Top of Entries provided
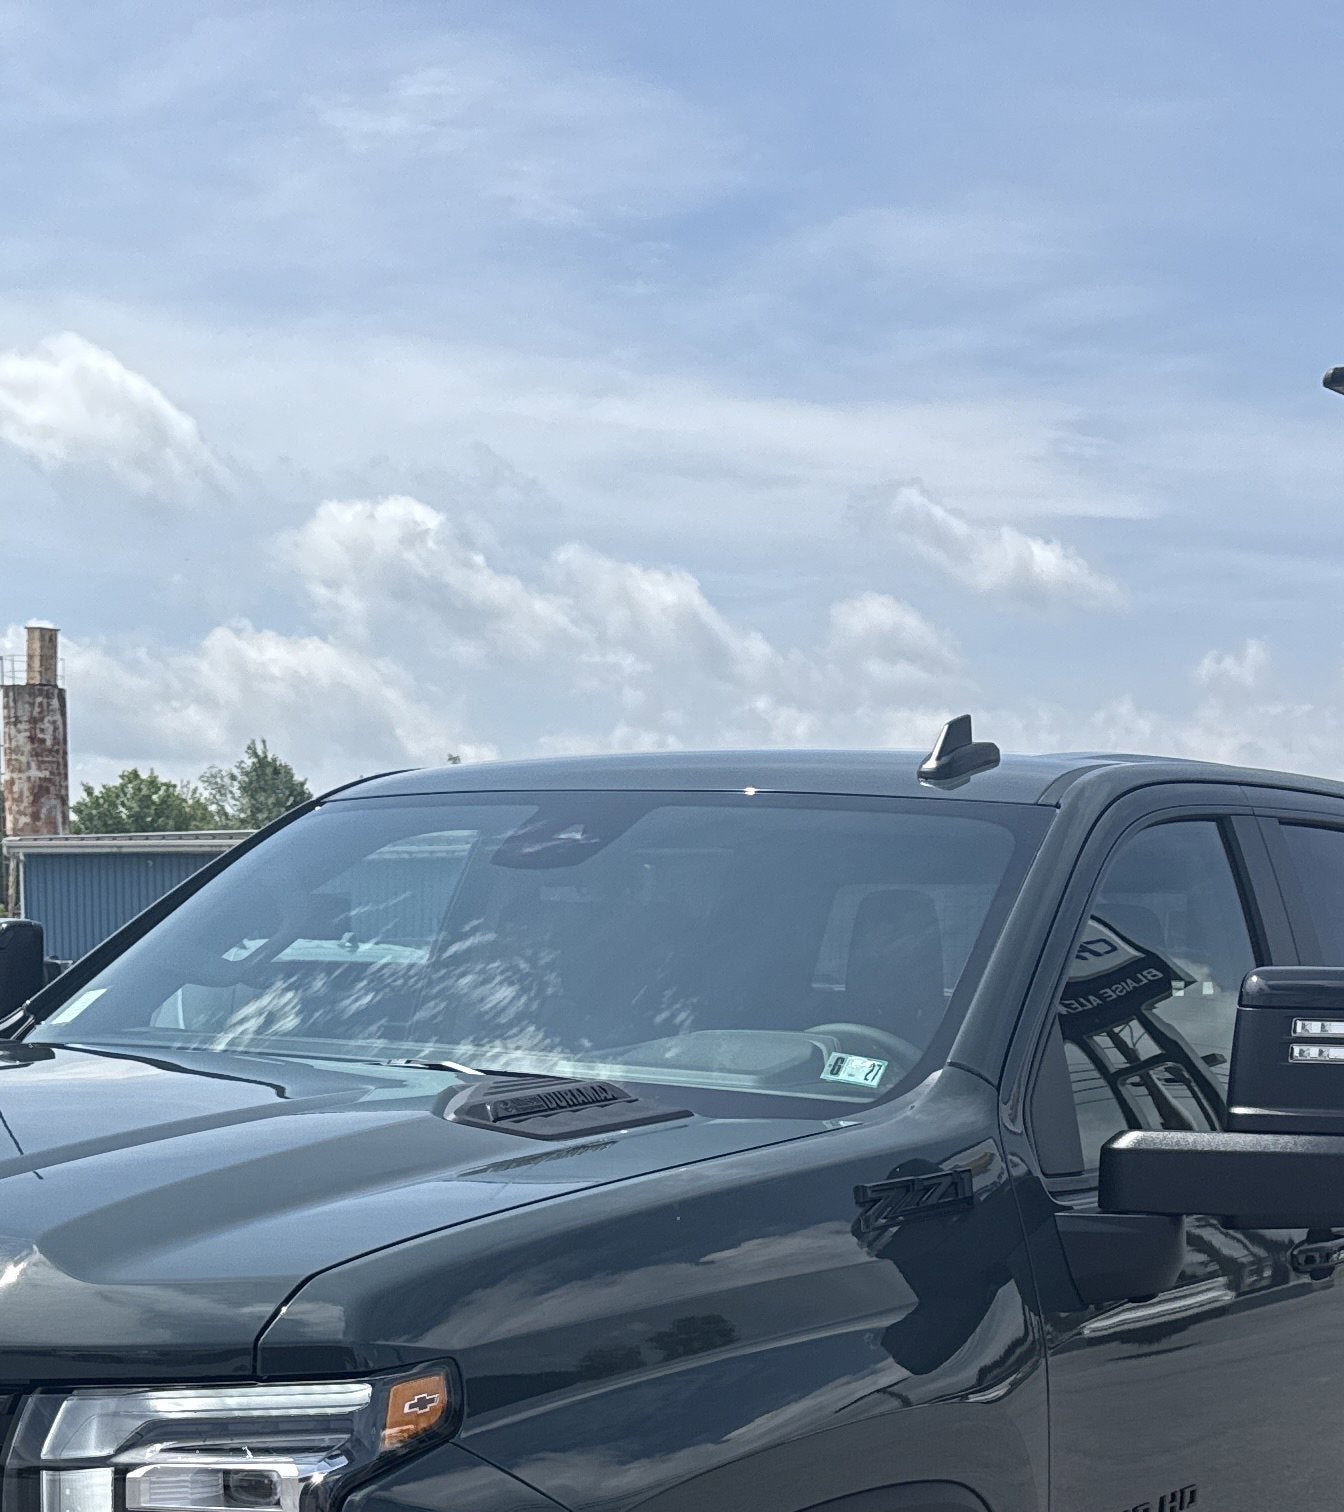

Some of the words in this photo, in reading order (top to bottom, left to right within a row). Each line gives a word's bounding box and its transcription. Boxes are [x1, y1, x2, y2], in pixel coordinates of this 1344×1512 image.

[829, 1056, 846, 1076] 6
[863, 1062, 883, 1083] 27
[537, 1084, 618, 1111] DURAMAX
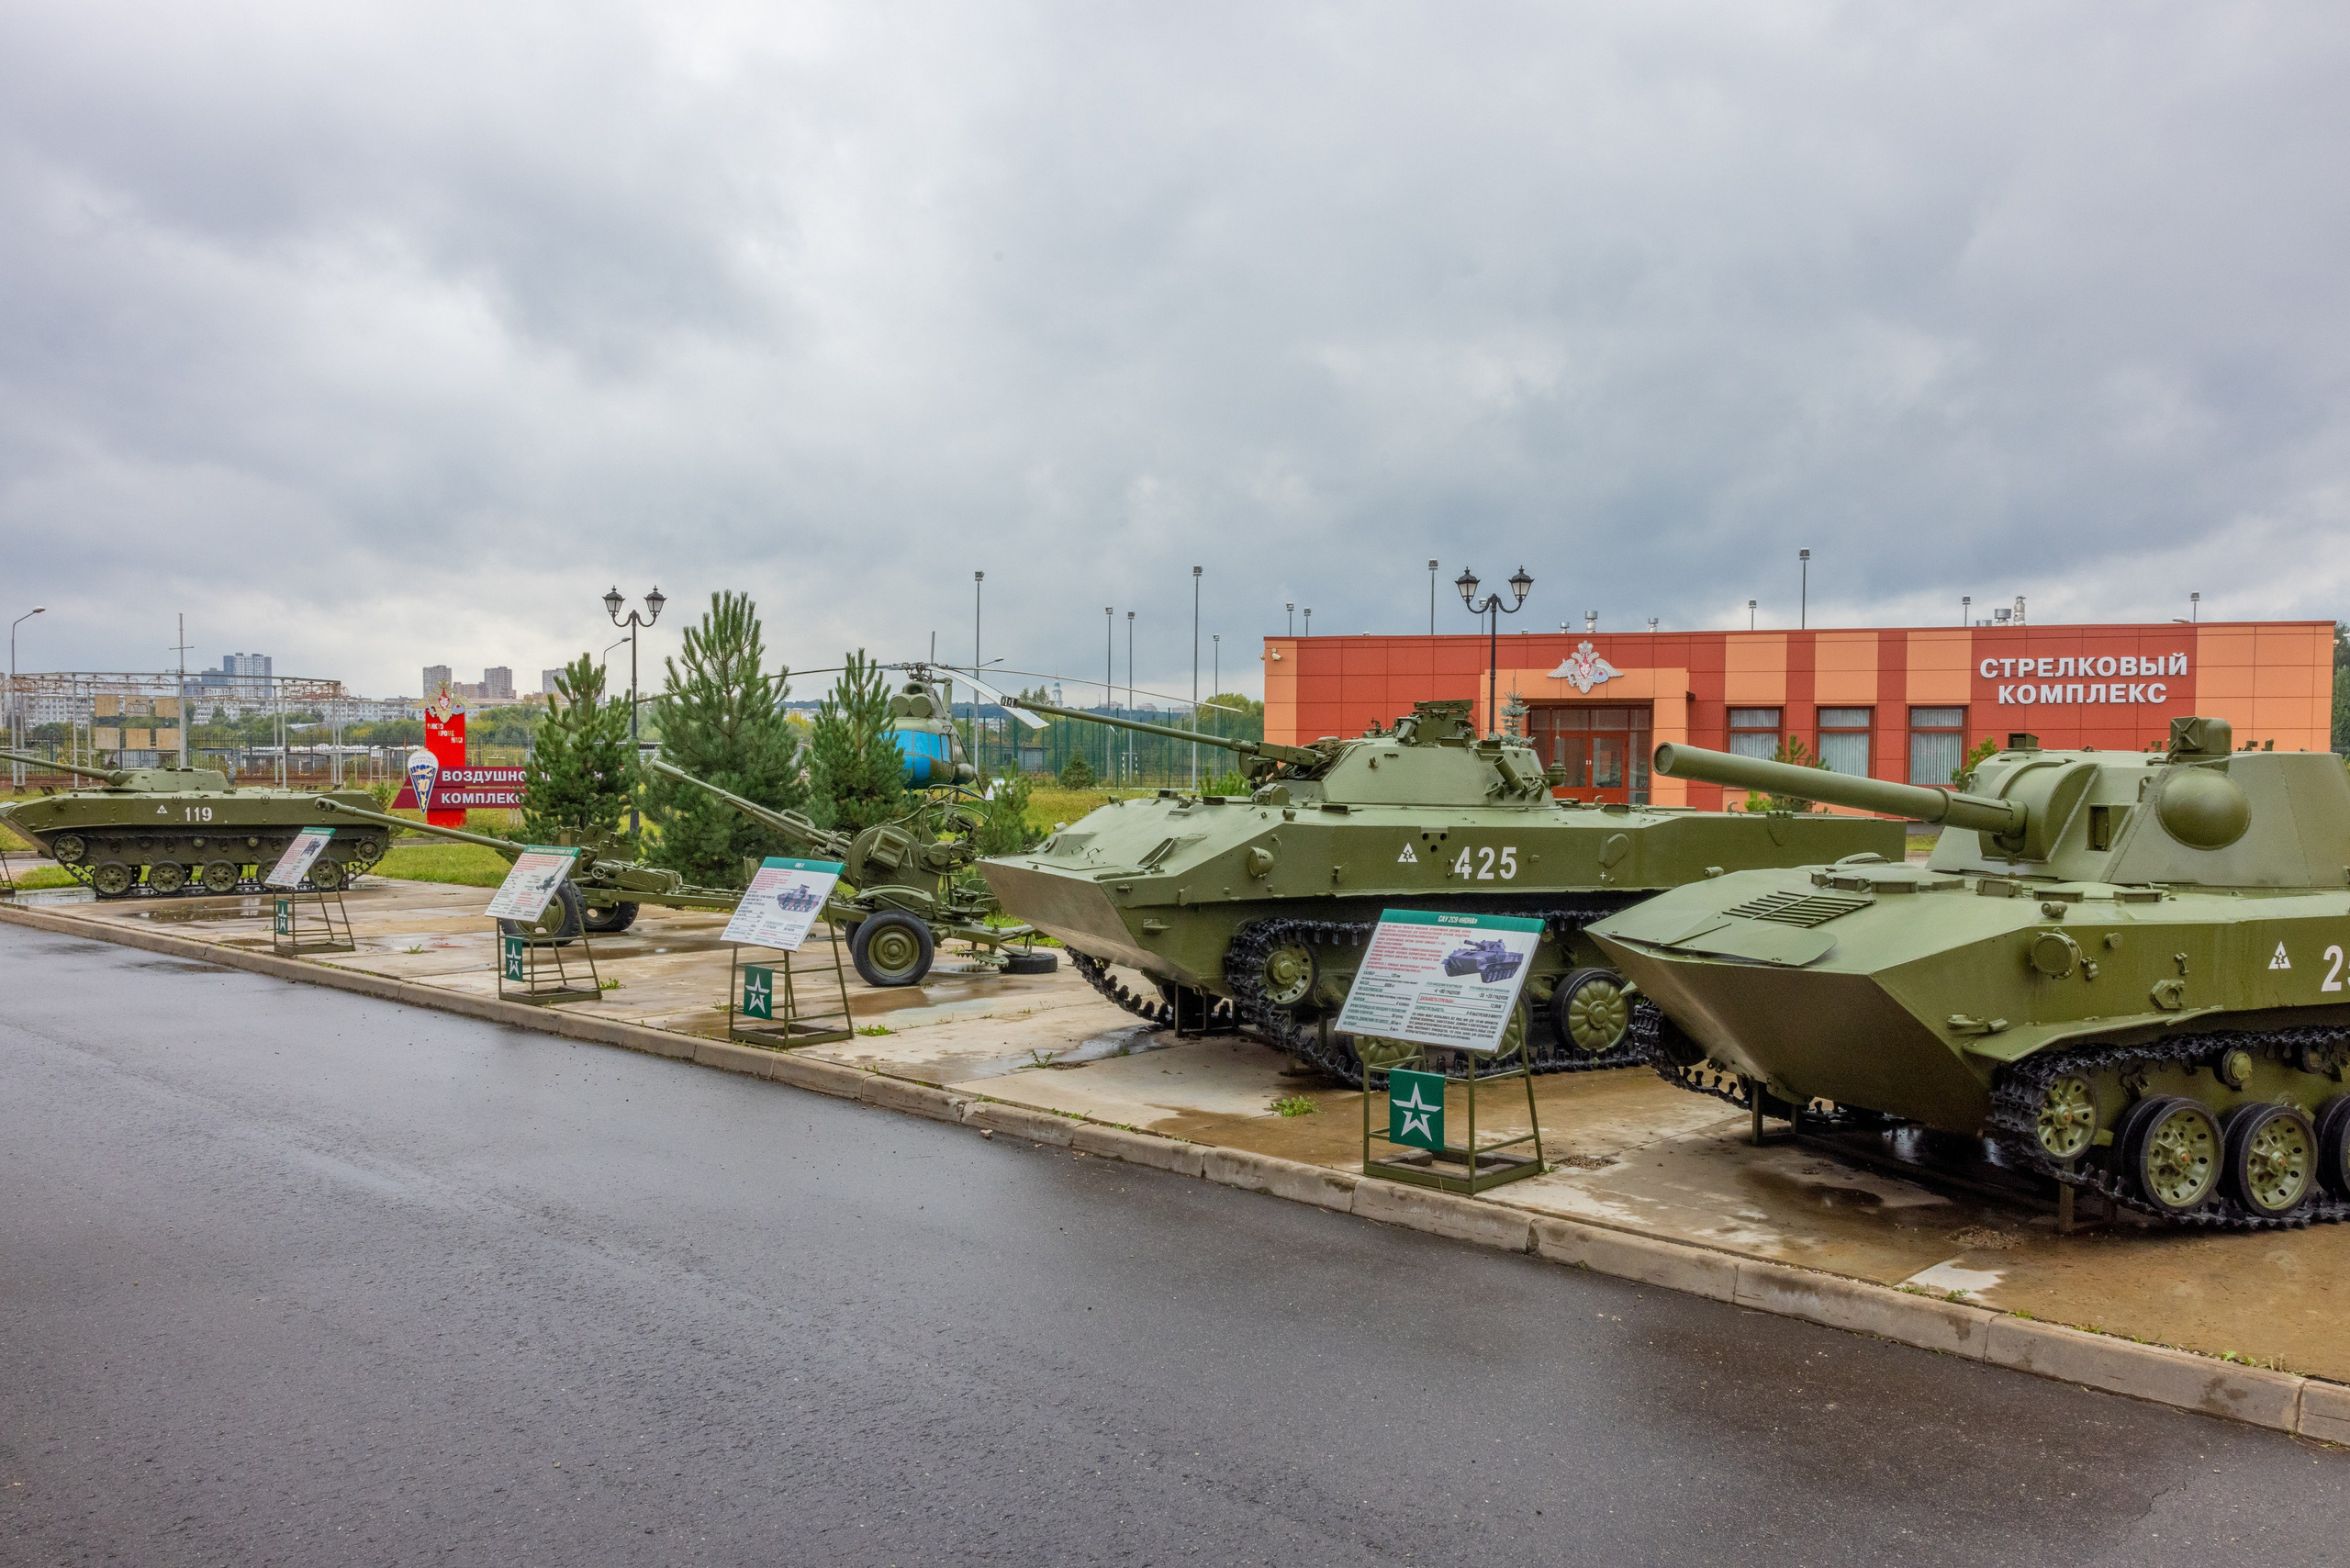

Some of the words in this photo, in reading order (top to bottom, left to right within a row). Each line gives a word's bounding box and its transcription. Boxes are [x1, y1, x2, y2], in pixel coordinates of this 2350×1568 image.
Bottom of Entries provided
→ **About this exercise**
Could you write out the records again exactly, omitting each image?

→ **Output of the exercise**
Some of the words in this photo, in reading order (top to bottom, left to right within a row). Each line gives a word's bounding box and its transcription. Boxes are [x1, y1, x2, y2], in pixel coordinates of this 1344×1512 image.

[829, 1056, 846, 1076] 6
[863, 1062, 883, 1083] 27
[537, 1084, 618, 1111] DURAMAX

Some of the words in this photo, in reading order (top to bottom, left to right within a row). Each line gives a word's bounding box and its transcription. Boxes are [x1, y1, x2, y2], in pixel coordinates of this 2350×1568 image.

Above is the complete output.